Track: Machine Learning
Abstract
Over the last decade, a dramatic transform happened in information sources and their use in the digital era. Social
media networks have brought a new way of expressing the sentiments of individuals. The matter went beyond being
an expression of separate opinions of some individuals, as companies, official institutions and various organizations
have pages on the communication sites through which they share various developments, products, opinions, and
sometimes even official decisions. Social media become a medium with a huge amount of information where users
can view the opinion of other users that are classified into different sentiment classes and are increasingly growing as
a key factor in decision making. Twitter is a microblogging service built to describe what is happening anywhere
worldwide, at any moment. It’s a fascinating forum for more than 500 million messages per day from about 1.3 billion people. Twitter data is short, specific, and easily accessible, that’s why it has become one of the best sources for sentimental analysis and knowledge discovery by data streams mining. One of the major issues that affect data streams mining is that the underlying distribution of data may change over time leading to the phenomenon of concept drift. Identification and handling concept-drift in Data Streams is present area of interest.

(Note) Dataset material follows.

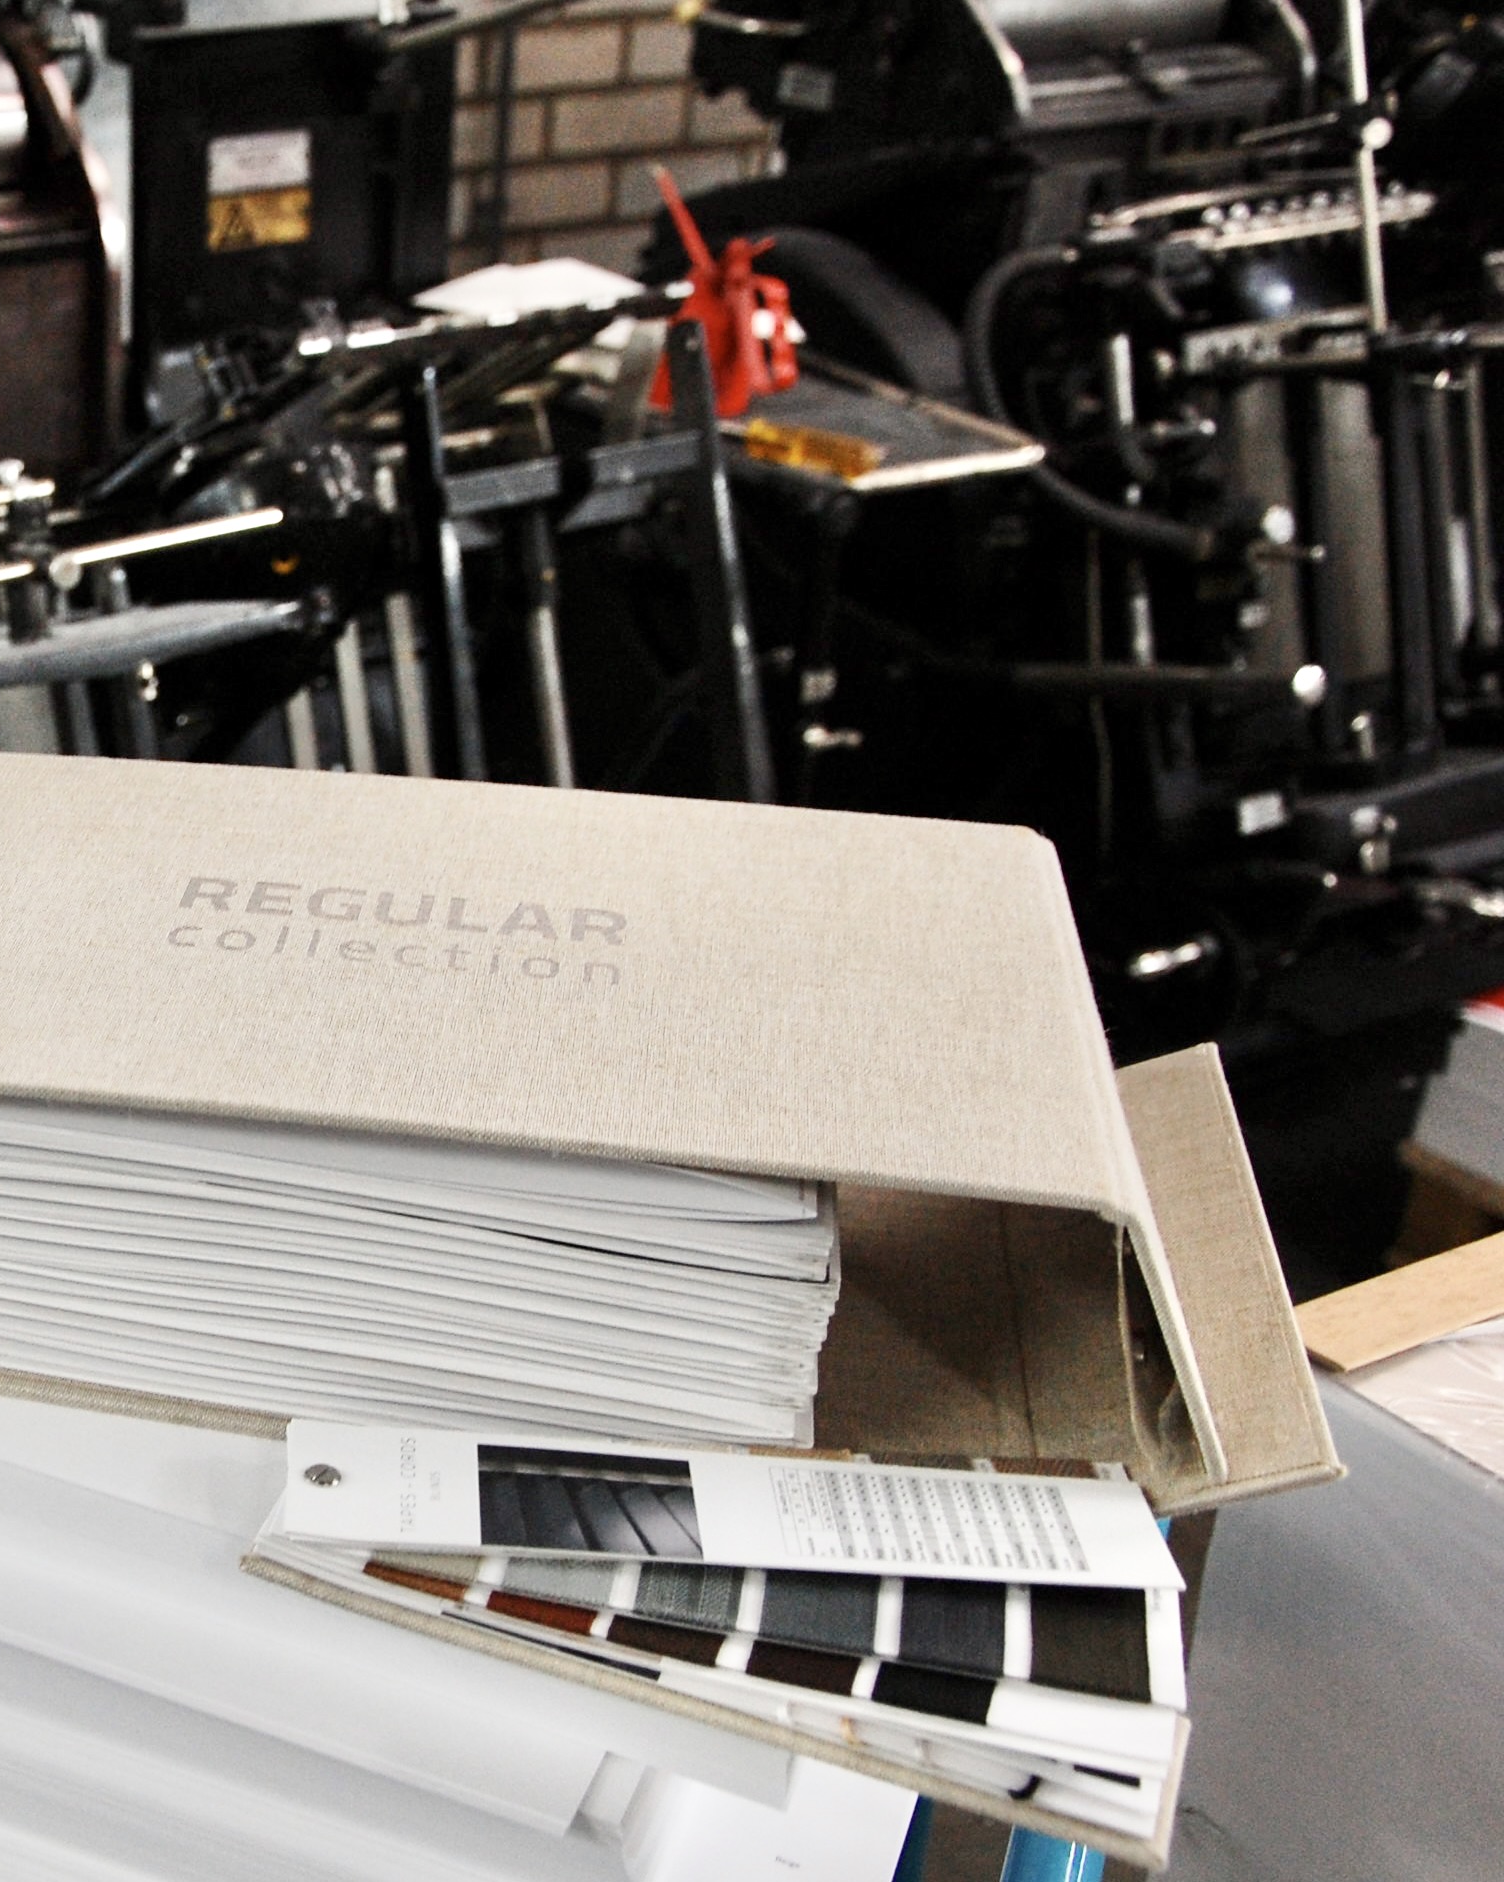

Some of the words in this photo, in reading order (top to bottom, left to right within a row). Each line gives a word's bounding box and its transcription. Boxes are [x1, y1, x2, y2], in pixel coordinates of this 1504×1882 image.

[178, 876, 628, 946] REGULAR
[167, 925, 622, 986] collection
[399, 1436, 416, 1479] CORDS

In this study, we present an approach to explore and understand the concept drift occurring in Twitter data streams. Two machine learning technique Naive Bayes Classifier and Extreme Gradient Boosting (XGBoost) Classifier were applied on more than 300K tweets from International Technology Companies, and to detect / understand concept drift and specify whether concept drift in a technology area is a radical or an incremental innovation.
Keywords
Tweets Mining, Social Media Analysis, Concept Drift, Data Stream, Technology Tweets.